Addio a Stephen Hawking

Esprimo profondo cordoglio per la scomparsa di una mente straordinariamente brillante del nostro tempo: Stephen Hawking è stato uno degli scienziati contemporanei più importanti, uno dei maggiori fisici teorici della seconda metà del XX secolo. E, aspetto che ritengo fondamentale, è stato un prezioso divulgatore, determinato a fare delle scienze patrimonio conoscitivo di ogni donna e ogni uomo.

Ci lascia in una giornata emblematica, scelta per celebrare a livello internazionale il Pi Greco, la costante matematica che ha rivoluzionato il mondo. Ma anche in una data che rappresenta l’anniversario di nascita di Albert Einstein, le cui teorie sono state a lungo suo oggetto di studio.
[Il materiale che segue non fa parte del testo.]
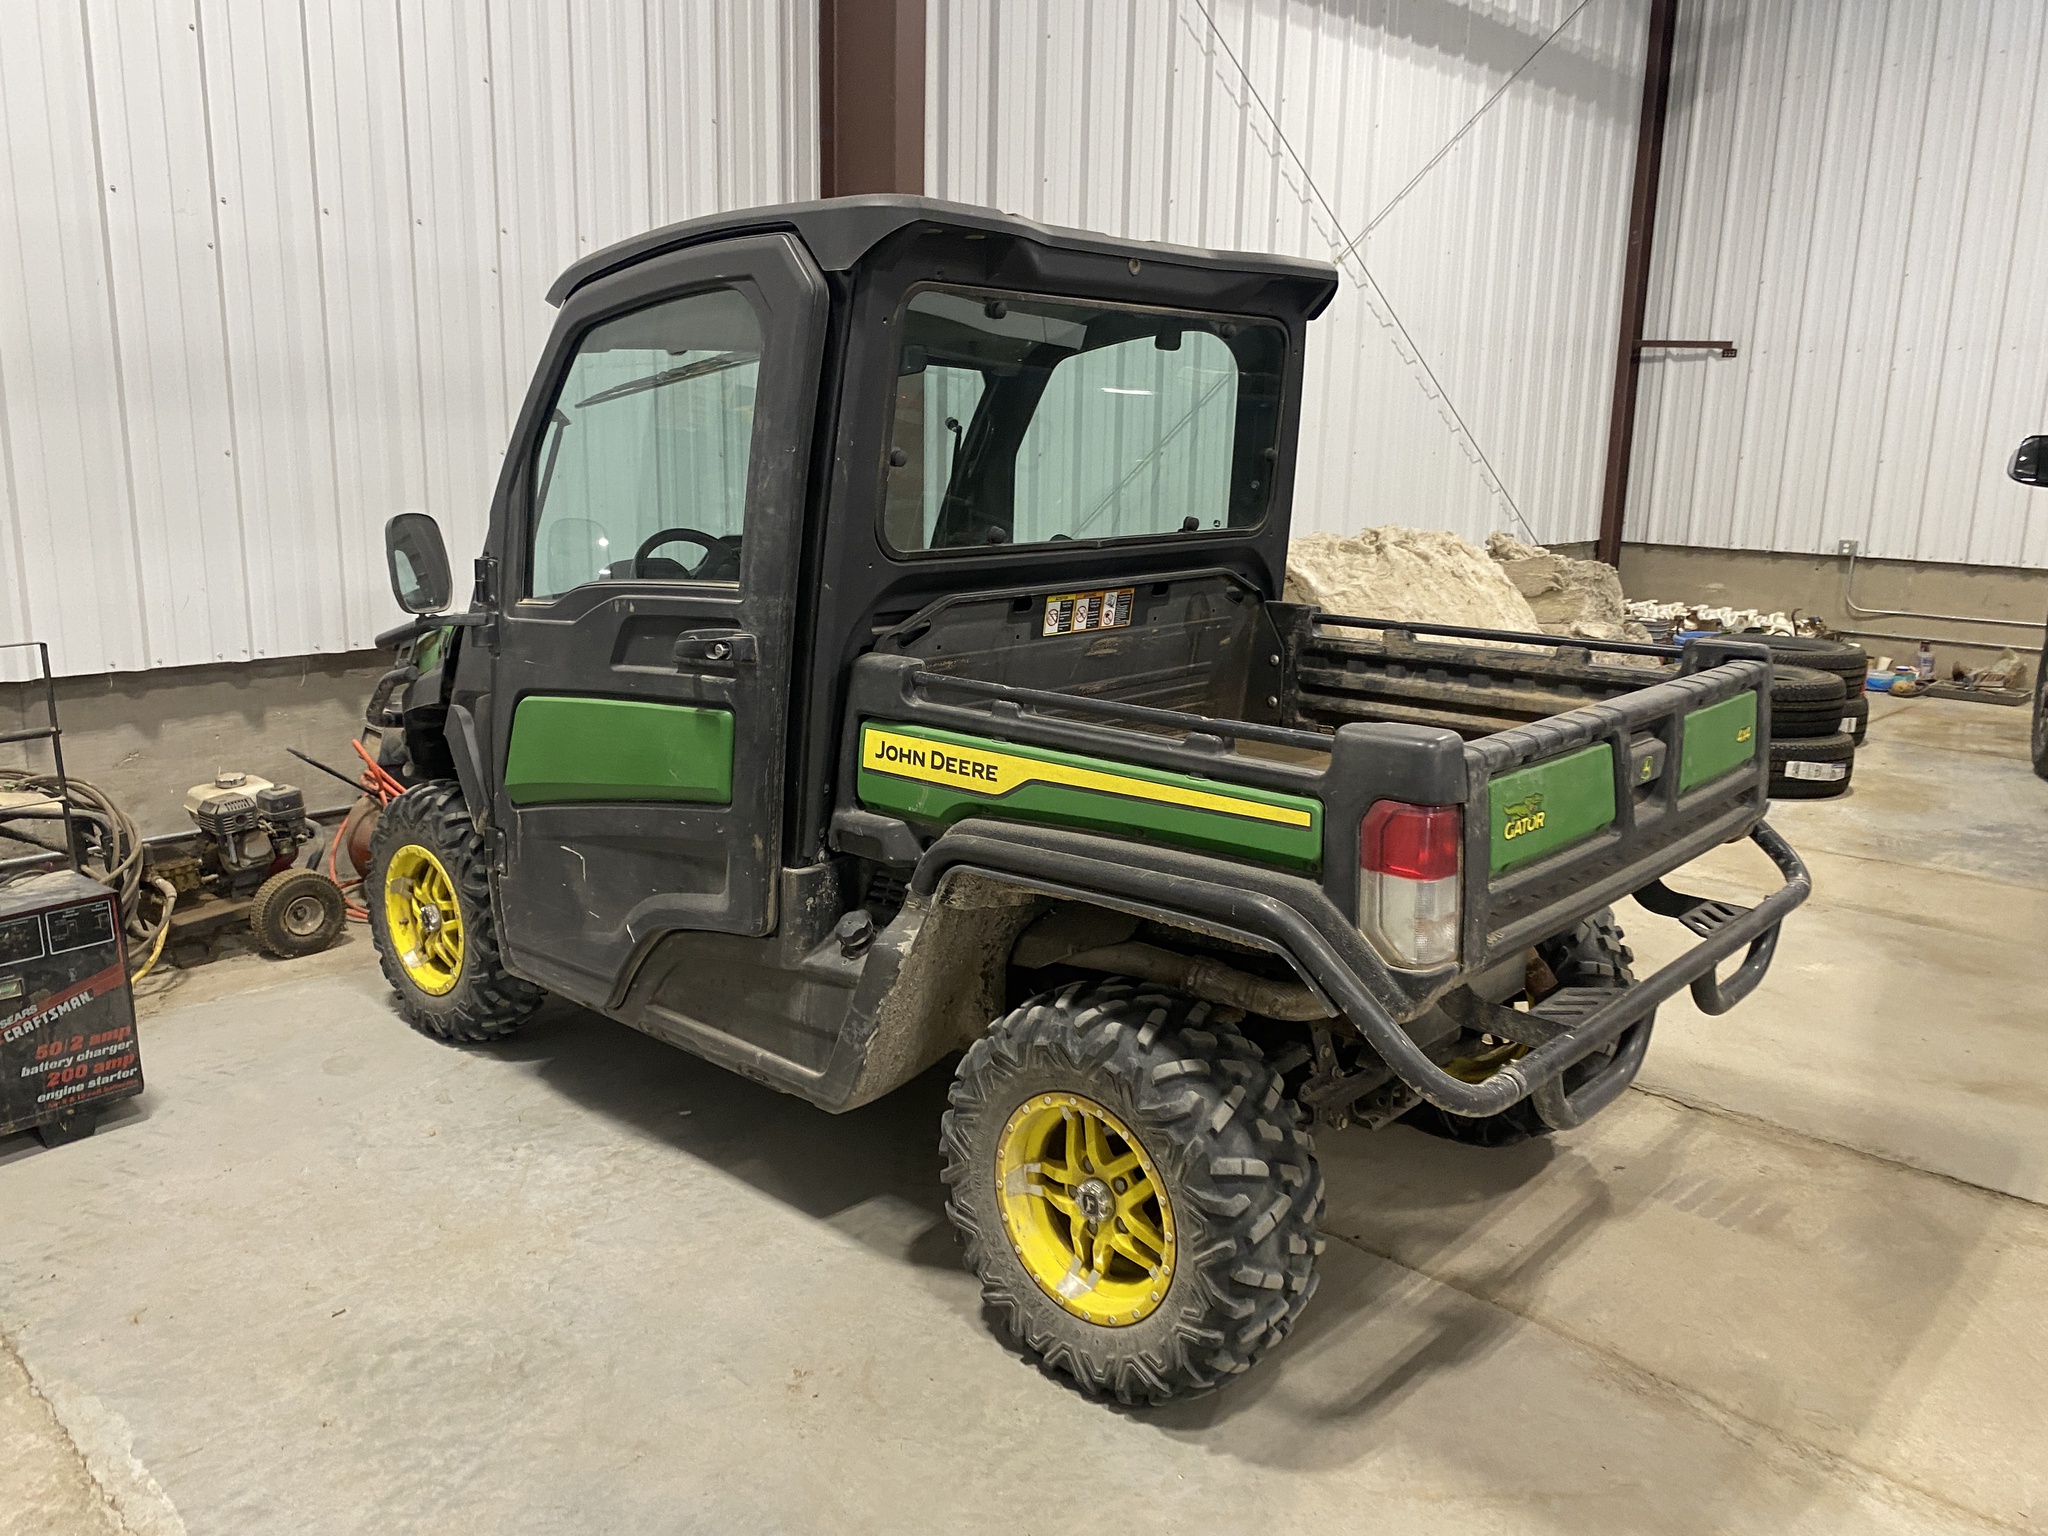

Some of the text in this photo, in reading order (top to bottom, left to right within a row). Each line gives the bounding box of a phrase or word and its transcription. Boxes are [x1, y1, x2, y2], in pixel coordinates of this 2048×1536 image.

[875, 740, 998, 782] JOHN DEERE
[1503, 811, 1546, 840] GATOR
[0, 1004, 38, 1030] SEARS
[3, 991, 91, 1043] CRAFTSMAN
[89, 1025, 131, 1046] amp
[20, 1040, 134, 1078] battery charger
[46, 1053, 135, 1088] 200 amp
[37, 1082, 85, 1103] engine
[88, 1067, 138, 1089] starter
Dobbiamo tutte e tutti essere grati a Hawking. Non solo per la portata e il valore delle sue ricerche, ma anche per la testimonianza di coraggio e determinazione che ci ha donato con la sua vita: era un uomo che non riconosceva limiti davanti a sé, che oltrepassava qualsiasi barriera, come quella della malattia che lo aveva colpito, per esempio, spinto della volontà di conoscere, di andare oltre, assetato di sapere. Un esempio per le nostre giovani e i nostri giovani, un esempio per ciascuno di noi.